## Action item
Reproduce the records below exactly, leaving out any pictures.

*** Exercise input ***

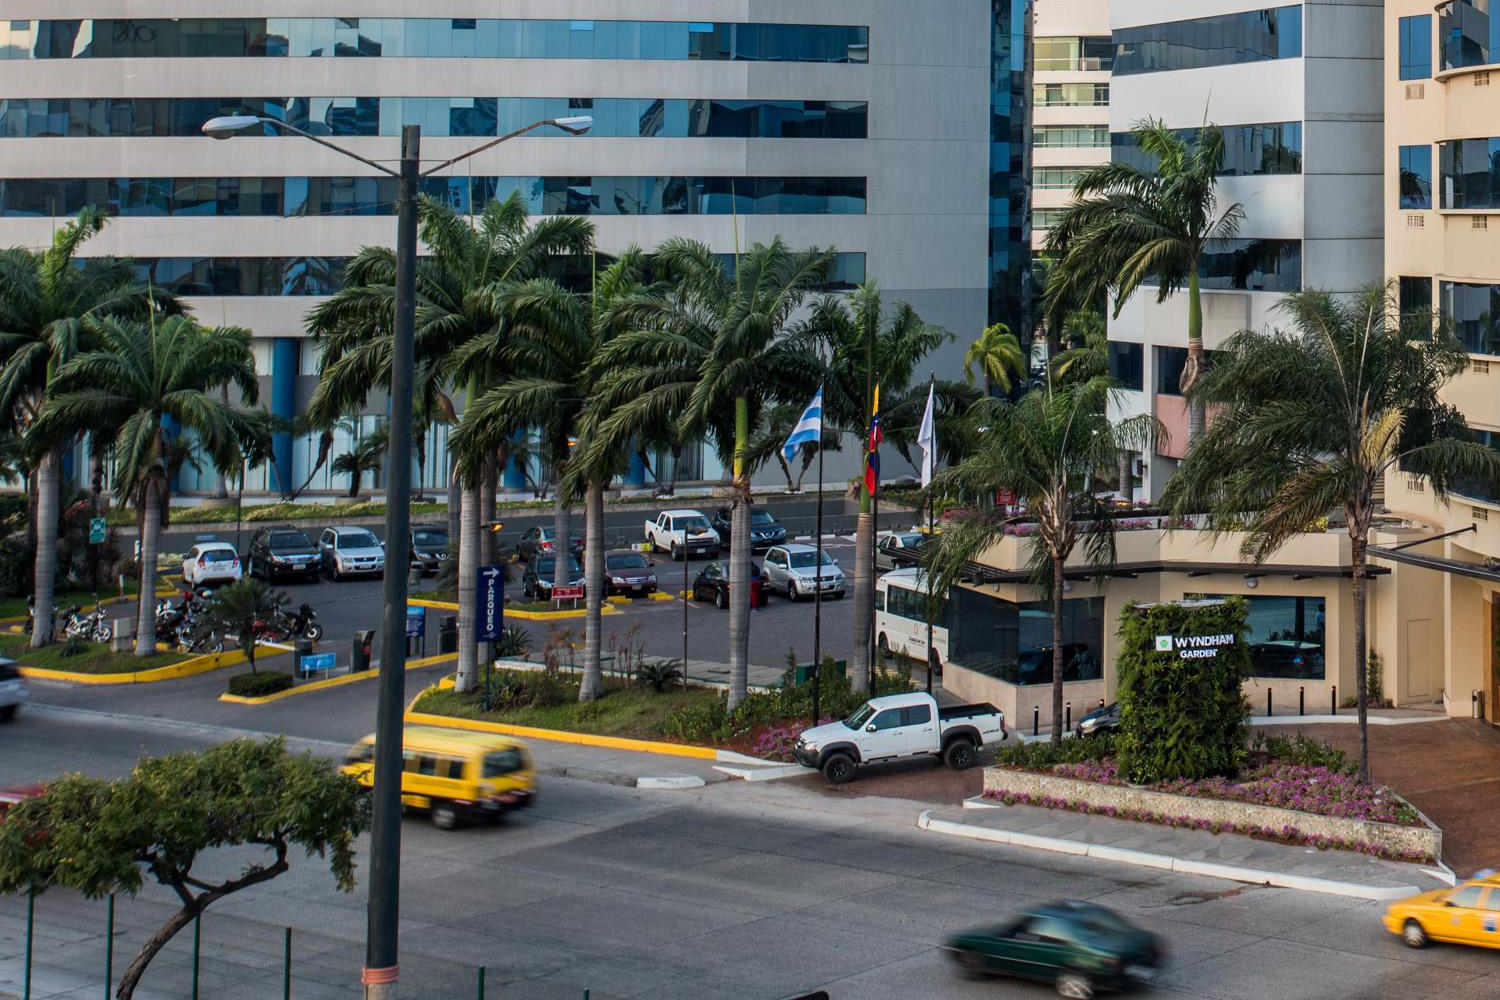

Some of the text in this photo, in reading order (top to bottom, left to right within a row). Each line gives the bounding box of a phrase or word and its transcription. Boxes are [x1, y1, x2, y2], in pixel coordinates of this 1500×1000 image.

[486, 578, 496, 631] PARQUEO
[1175, 634, 1234, 648] WYNDHAM
[1180, 649, 1217, 659] GARDEN
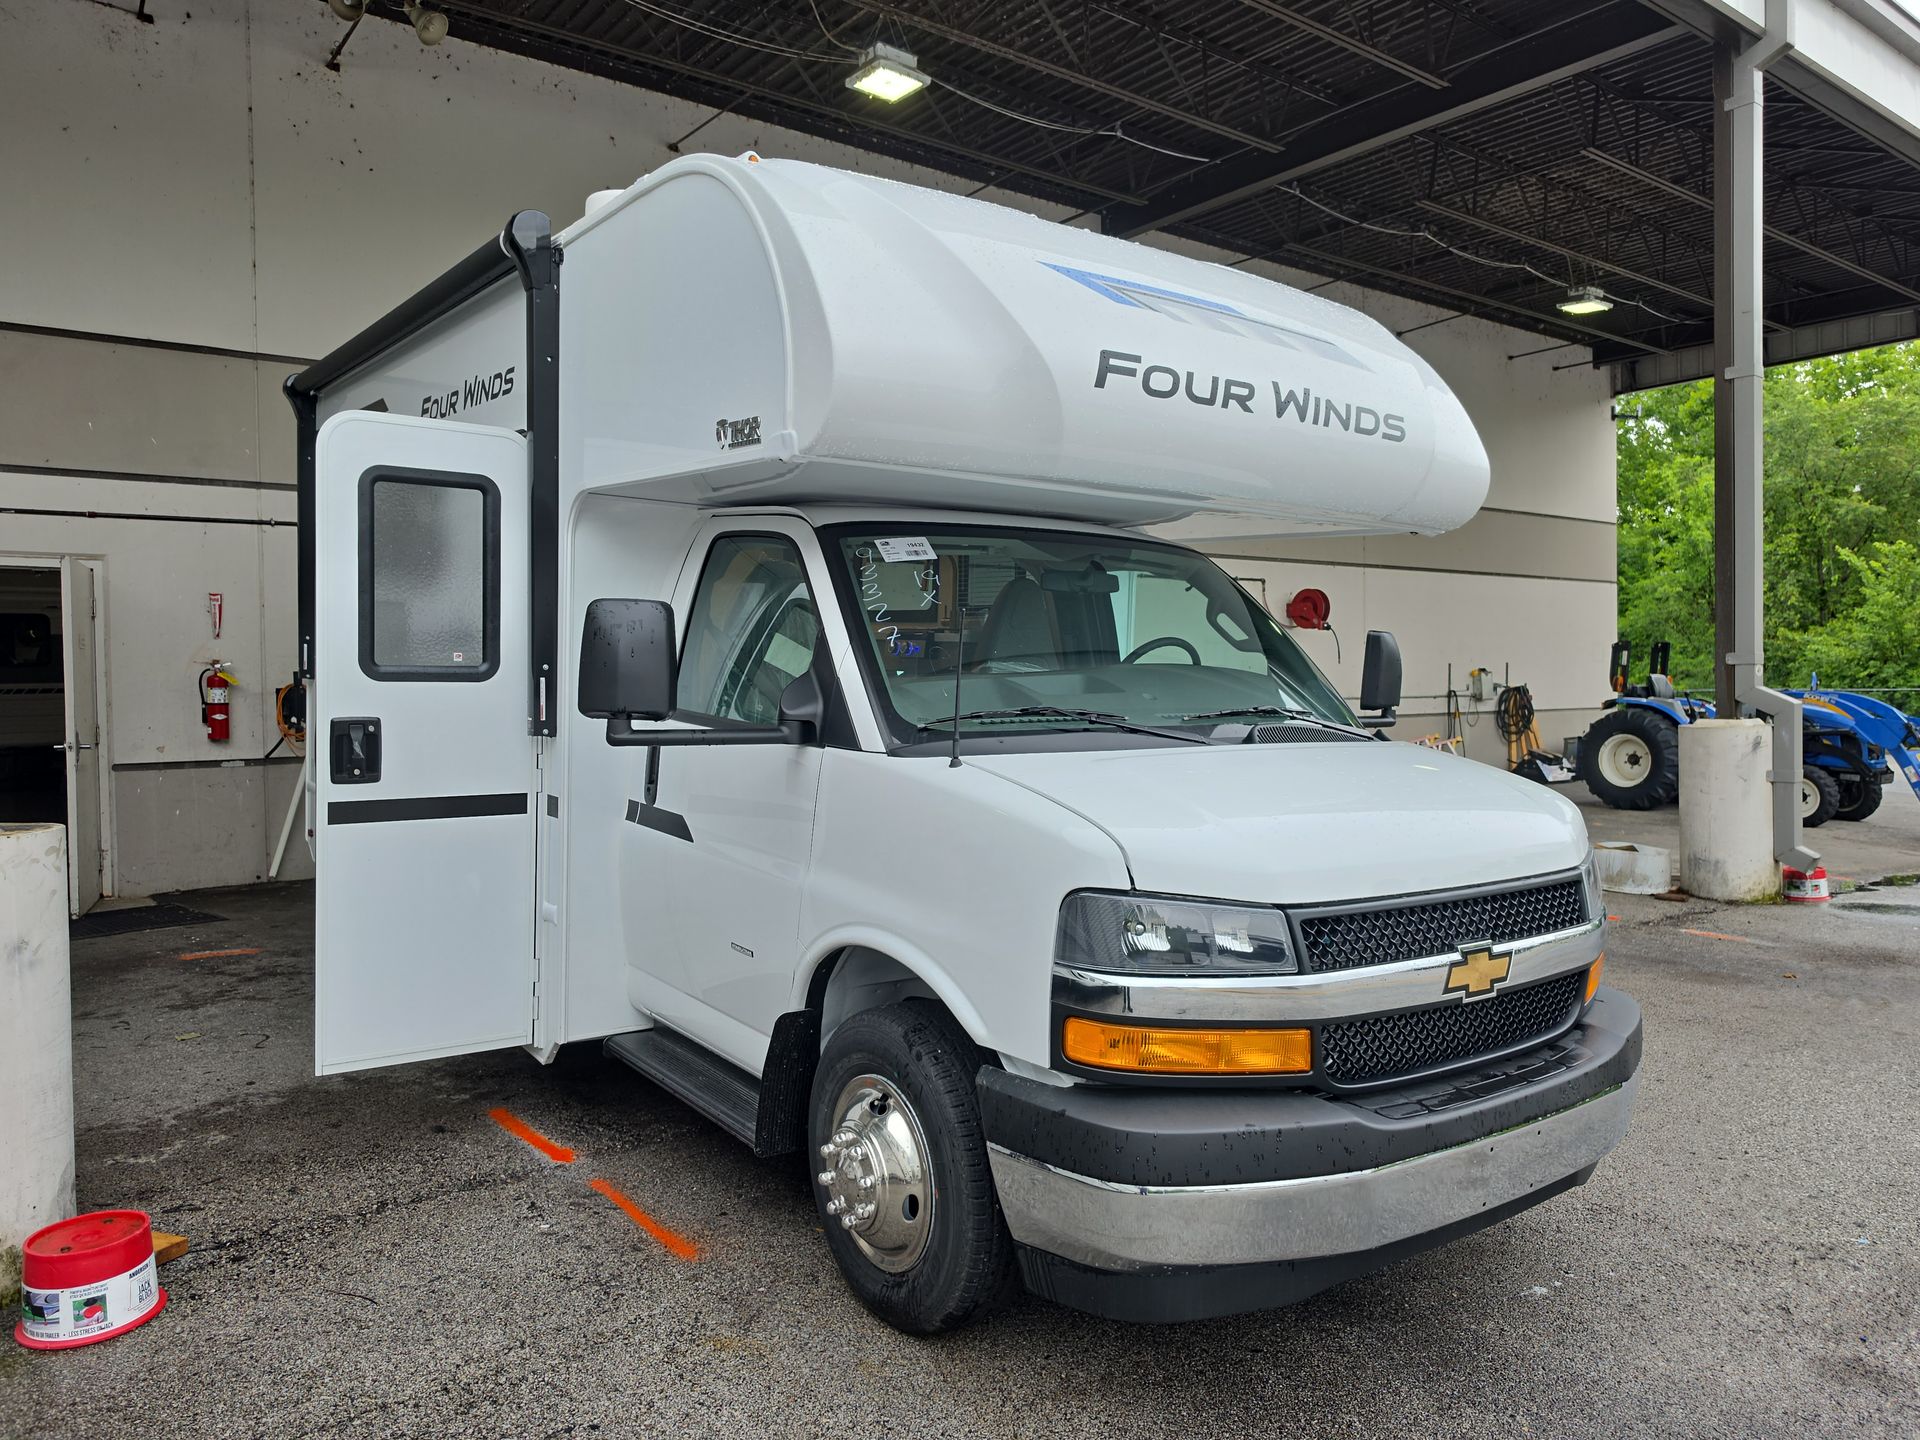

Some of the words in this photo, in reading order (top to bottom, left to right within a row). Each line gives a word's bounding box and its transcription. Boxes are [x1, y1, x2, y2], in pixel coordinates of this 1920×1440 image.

[420, 389, 459, 419] FOUR
[463, 366, 515, 411] WINDS
[1094, 349, 1256, 414] FOUR
[1271, 380, 1407, 443] WINDS
[729, 416, 761, 443] THOR
[138, 1279, 151, 1295] JACK
[138, 1289, 154, 1304] BLOCK
[68, 1328, 80, 1338] LESS
[80, 1325, 96, 1337] STRESS

*** End of Exercise input ***

## Response to the task
Some of the text in this photo, in reading order (top to bottom, left to right within a row). Each line gives the bounding box of a phrase or word and its transcription. Boxes are [x1, y1, x2, y2], in pixel coordinates of this 1500×1000 image.

[486, 578, 496, 631] PARQUEO
[1175, 634, 1234, 648] WYNDHAM
[1180, 649, 1217, 659] GARDEN

Some of the words in this photo, in reading order (top to bottom, left to right within a row). Each line gives a word's bounding box and its transcription. Boxes are [x1, y1, x2, y2], in pixel coordinates of this 1920×1440 image.

[420, 389, 459, 419] FOUR
[463, 366, 515, 411] WINDS
[1094, 349, 1256, 414] FOUR
[1271, 380, 1407, 443] WINDS
[729, 416, 761, 443] THOR
[138, 1279, 151, 1295] JACK
[138, 1289, 154, 1304] BLOCK
[68, 1328, 80, 1338] LESS
[80, 1325, 96, 1337] STRESS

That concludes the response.